We’ve all heard countless celebrities say, “follow your passion and never give up on your dreams.” The problem with that seemingly sound advice, it never works. In fact, it fails most people and they give up after failing.
I’m talking about passion, dreams, and why we should never start pursuing our passion. In this wide world of writing and desiring to get that book written, passion should be the least of our worries.
As I type this evening, my daughter and I were watching Sesame Street before bedtime. On the show, Big Bird introduced to Elmo and pals his new friend Penelope Penguin. Penelope was so excited to play basketball with Elmo that he took over the game and made a basket, even though others were asking him to pass the ball.
He was a little enthusiastic and admitted as much. To his surprise, he received some sage advice. It’s okay to be enthusiastic and passionate, but we have to remember to stop, think, and then act on our passion. Don’t let passion run your life.
So why do I say ‘following your passion’ is bad advice? Three reasons.
1. Don’t start with passion:
Most people believe that if you take what it is you’re passionate about, apply it to what it is you do, you’ll succeed in life. But what if I were to tell you that starting with passion will not only fail but cause you to give up on your dream.
Everyone is passionate about something, golf, fishing, sex, cars, and cooking. We grow up thinking we’ll be a fireman, policeman, or even Superman, but life never works out as planned. We find our passion wanes or changes like the wind’s direction.
“Successful businesses identify a customer need or want — an opportunity. When the entrepreneur is incredibly passionate about filling that customer need and is uniquely positioned to be the best person to do so in some way, that’s where business success happens.”
Passion only succeeds when we take the time to realize it takes hard work and dedication to overcome and press through into success. It doesn’t happen overnight. We work and in that work, we can find our passion for what we do.
2. Don’t follow your passion; bring it with you:
If you were to ask someone what they’re passionate about, you’ll get numerous answers–none of which have anything to do with their work or what they do. Think of it this way. When you only mildly pursue something, we call that a hobby. But if you take time, energy, and people start calling you crazy, that’s passion.
Passion is simply being obsessed about something to the point of no return. You’ll never stop talking about it, writing about it, or caring about it. Yet, we shouldn’t follow our passions because they can easily become a trap. That trap, it’s all about me syndrome.
It’s not about you. It’s about your readers. It’s about the person who has just joined your mailing list.
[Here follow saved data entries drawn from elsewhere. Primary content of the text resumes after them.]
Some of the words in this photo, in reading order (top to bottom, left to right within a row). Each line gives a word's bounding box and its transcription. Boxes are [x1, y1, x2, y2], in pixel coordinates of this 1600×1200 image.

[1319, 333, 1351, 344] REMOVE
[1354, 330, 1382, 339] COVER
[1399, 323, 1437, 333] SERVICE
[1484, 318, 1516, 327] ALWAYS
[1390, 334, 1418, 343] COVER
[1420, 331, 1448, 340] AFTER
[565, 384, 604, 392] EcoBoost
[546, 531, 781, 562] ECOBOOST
This is why we write, for people. I heard Mike Rowe say it this way, “Don’t follow your passion, bring it with you.”
3. Learn to love what you do:
This may be the hardest. Maybe you feel stuck in a dead-end job. It’s that uncertainty that keeps you from enjoying what you do. But, when you begin to look at the road ahead, you can begin loving what it is you do.
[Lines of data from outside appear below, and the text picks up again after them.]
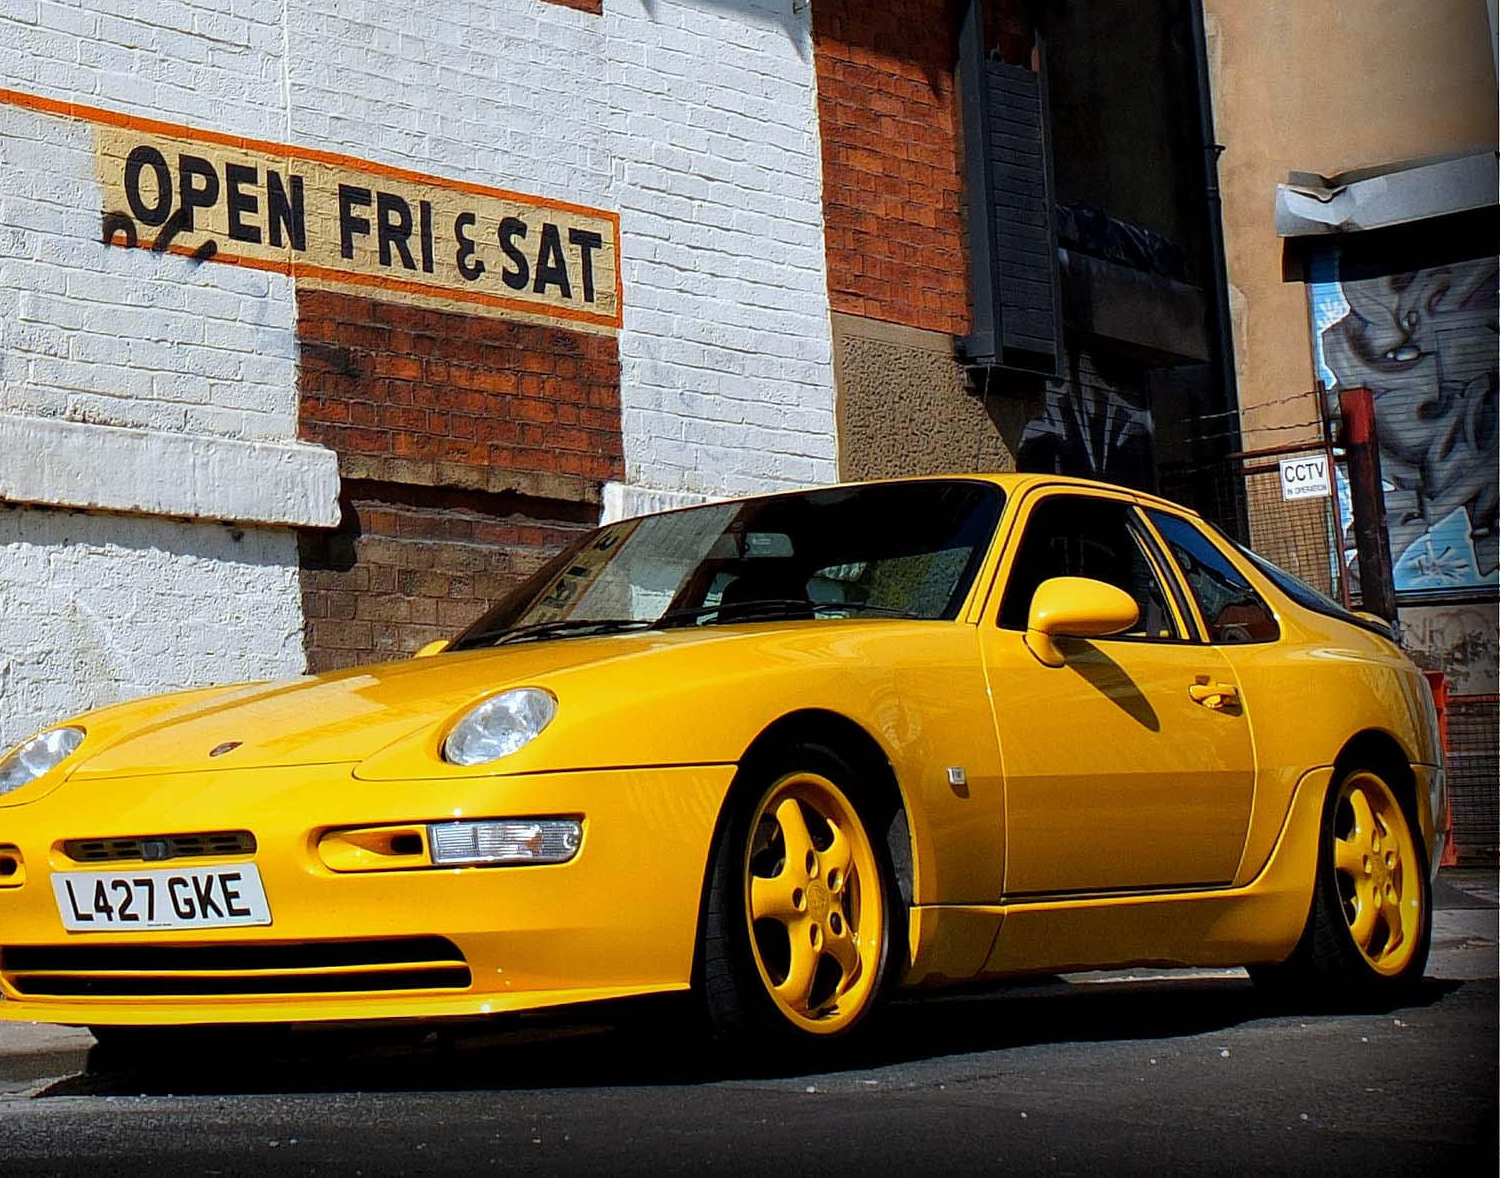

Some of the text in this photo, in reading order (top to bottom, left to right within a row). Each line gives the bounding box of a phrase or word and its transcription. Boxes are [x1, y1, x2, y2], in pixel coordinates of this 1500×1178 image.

[123, 145, 603, 303] OPEN FRI & SAT
[1284, 461, 1325, 483] CCTV
[65, 872, 252, 922] L427 GKE
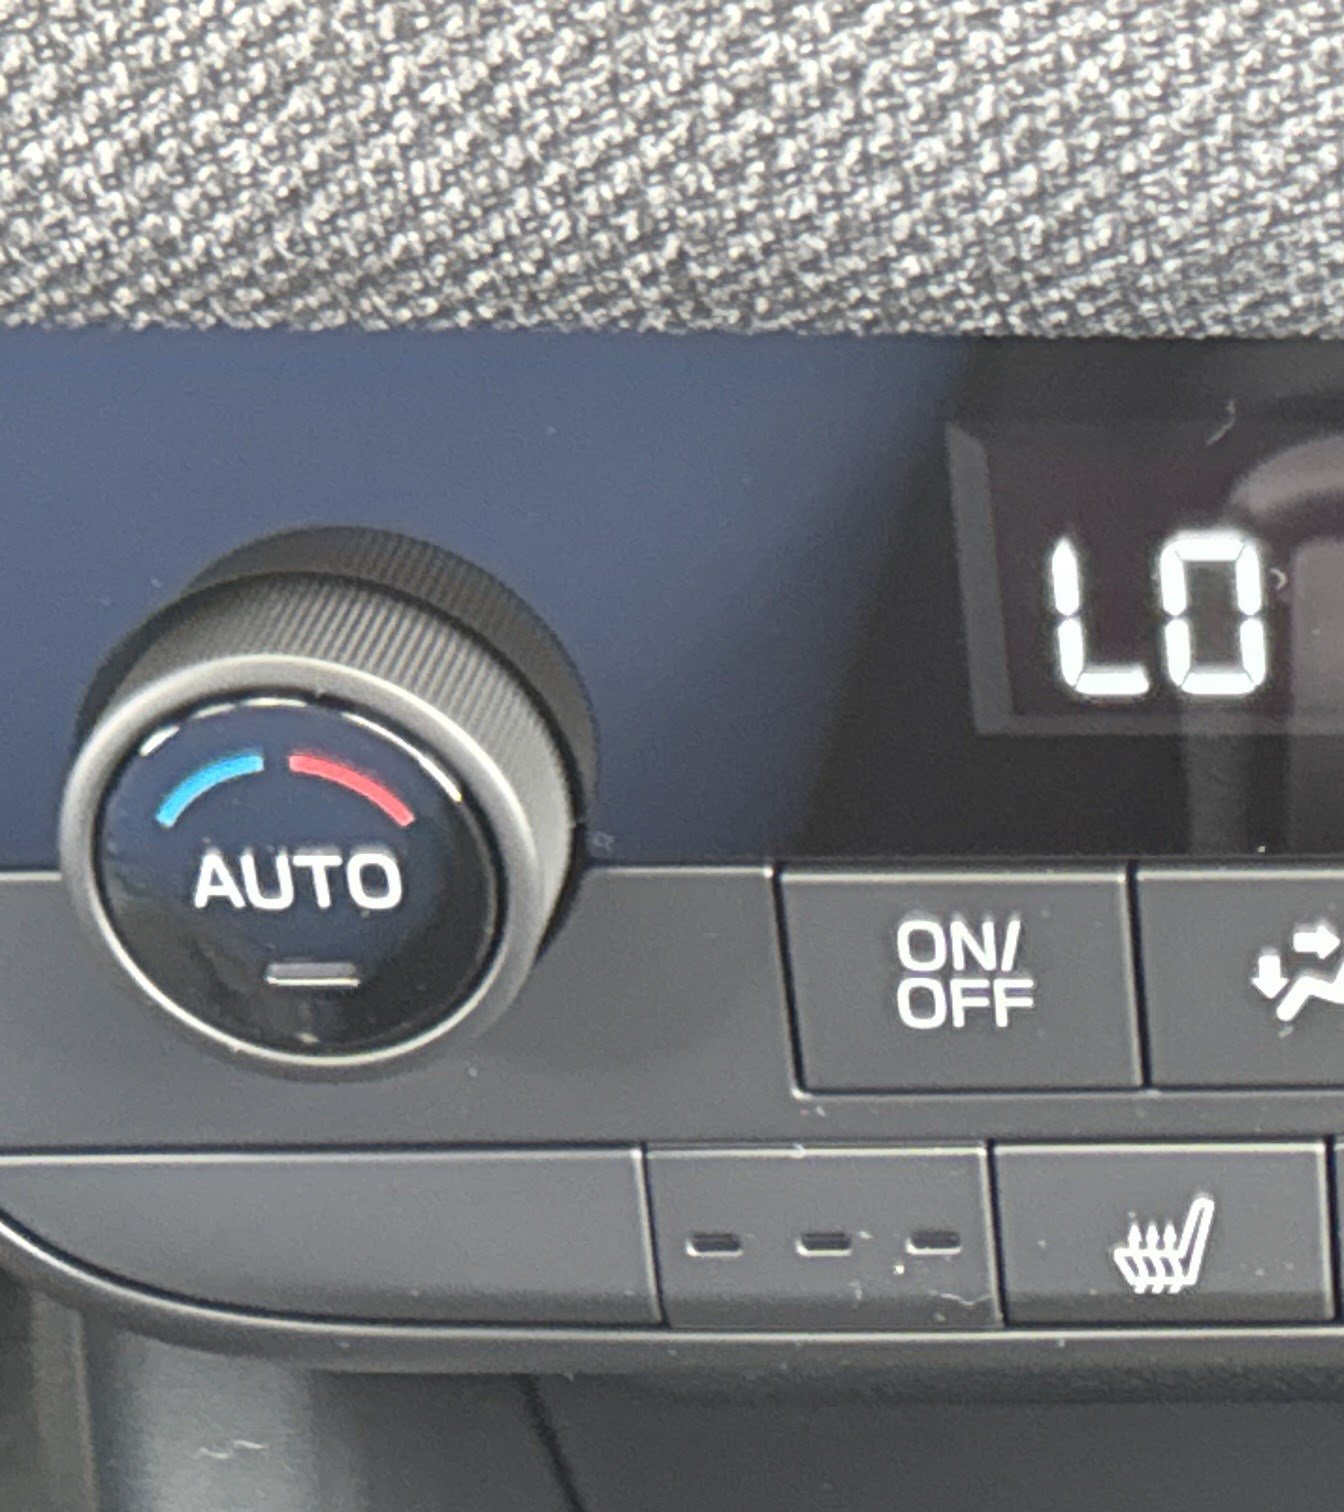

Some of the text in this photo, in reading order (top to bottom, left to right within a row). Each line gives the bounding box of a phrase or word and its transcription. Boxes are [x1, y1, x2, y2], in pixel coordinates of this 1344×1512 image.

[1050, 528, 1270, 698] LO
[192, 846, 404, 912] AUTO
[896, 912, 1022, 974] ON/
[896, 976, 1036, 1031] OFF
Sure, you’ll have bad days and there will be times you’ll be pulling your hair out. That’s okay, find your passion in what you do.
Allow opportunities to come your way. Allow passion to develop in your work. You may be passionate about winning the lotto, but it’s not wise to pursue that. Learn to pursue passions that make sense and pursue life and allow others to rally around you, and your passion will become infectious. Our passion is not about us, it’s about our readers, our customers.
Like Penelope Penguin from Sesame Street, you can have enthusiasm, but don’t let it run your life. Stop, think, then act.